EXECUÇÕES, CONDENAÇÕES À MORTE E ASSASSINATOS

Desde 1979, 201 bahá'ís foram mortos e mais 15 desapareceram, estando presumivelmente mortos. Os bahá'ís continuam sendo presos arbitrariamente. Entre janeiro de 1990 e junho de 1993, 43 bahá'ís foram presos e detidos por períodos variados. Parece estar havendo uma nova tendência de prender por um curto período um número crescente de bahá'ís em diferentes áreas do país. Até janeiro de 1996, os cinco bahá'ís relacionados a seguir estavam detidos em prisões por causa das suas crenças religiosas:

Sr. Kayvan Khalajabadi preso em Karaj, dia 29 de abril de 1989

Sr. Bihnam Mithaqi   preso em Karaj, dia 29 de abril de 1989

Sr. Musa Talibi  preso em Isfahan, dia 07 de junho de 1994

Sr. Dhabihu'llah Mahrami preso em Yazd, dia 06 de setembro de 1995

Sr. Husayn Ishraqi  preso pela segunda vez, dia 19 de outubro de 1995

Ainda sobre a prisão dos bahá'ís no Irã, estou ciente do seguinte:

* O Sr. Dhabihu'llah Mahrami foi convocado pelo Departamento de Segurança Iraniano (agora chamado o Departamento de Informação), em Yazd, e inquerido sobre sua afiliação à Fé Bahá'í. Então, ele foi preso por decisão da Promotoria de Yazd e acusado de apostasia religiosa. O Promotor pediu a pena de morte.

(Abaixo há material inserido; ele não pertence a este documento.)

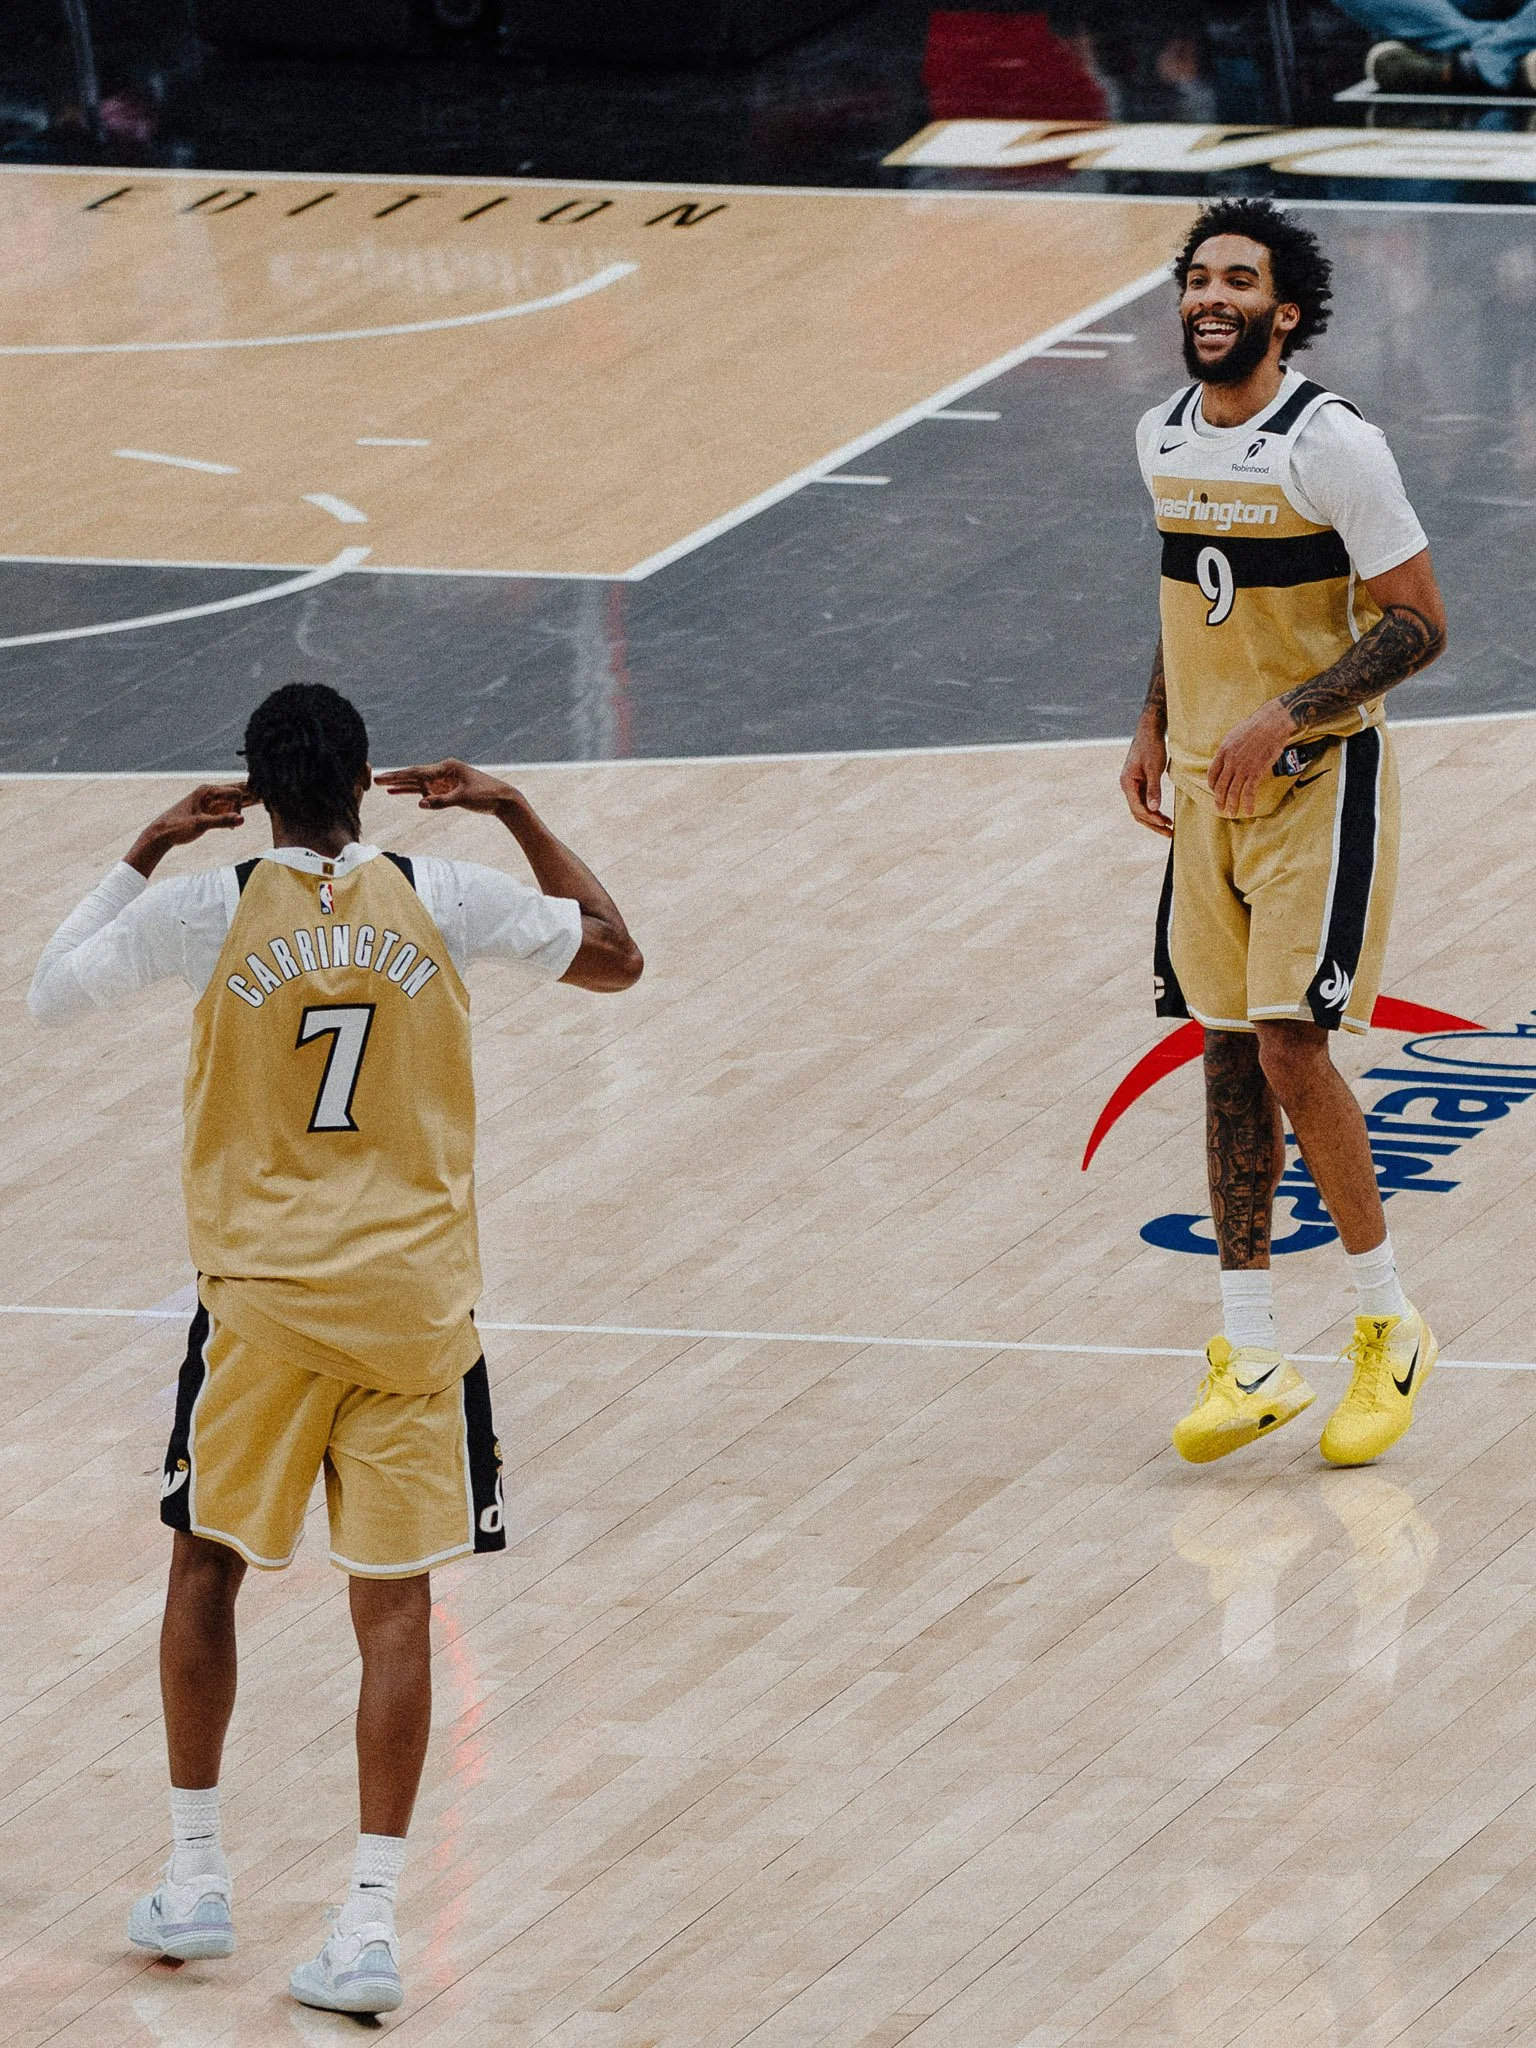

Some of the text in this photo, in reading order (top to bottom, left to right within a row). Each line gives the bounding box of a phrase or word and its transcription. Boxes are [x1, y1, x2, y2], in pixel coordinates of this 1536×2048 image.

* Dia 31 de agosto de 1992, dois presos bahá'ís, Srs. Bihnam Mithaqi e Kayvan Khalaabadi, foram arbitrariamente condenados à morte por um Tribunal Revolucionário Islâmico, depois de estarem aprisionados sem acusação formal ou julgamento desde abril de 1989. Eles apelaram contra suas sentenças, e as autoridades iranianas declararam que "sua condenação à morte foi rejeitada pelo Tribunal Supremo". Entretanto, dia 08 de dezembro chegou a notícia perturbadora que os dois bahá'ís foram novamente condenados à morte pelo Tribunal Revolucionário Islâmico de Teerã. Eles apelaram ao Tribunal Supremo contra suas sentenças de morte e sua situação está muito precária. Todas as acusações contra eles se derivam somente do fato de eles serem membros da Fé Bahá'í.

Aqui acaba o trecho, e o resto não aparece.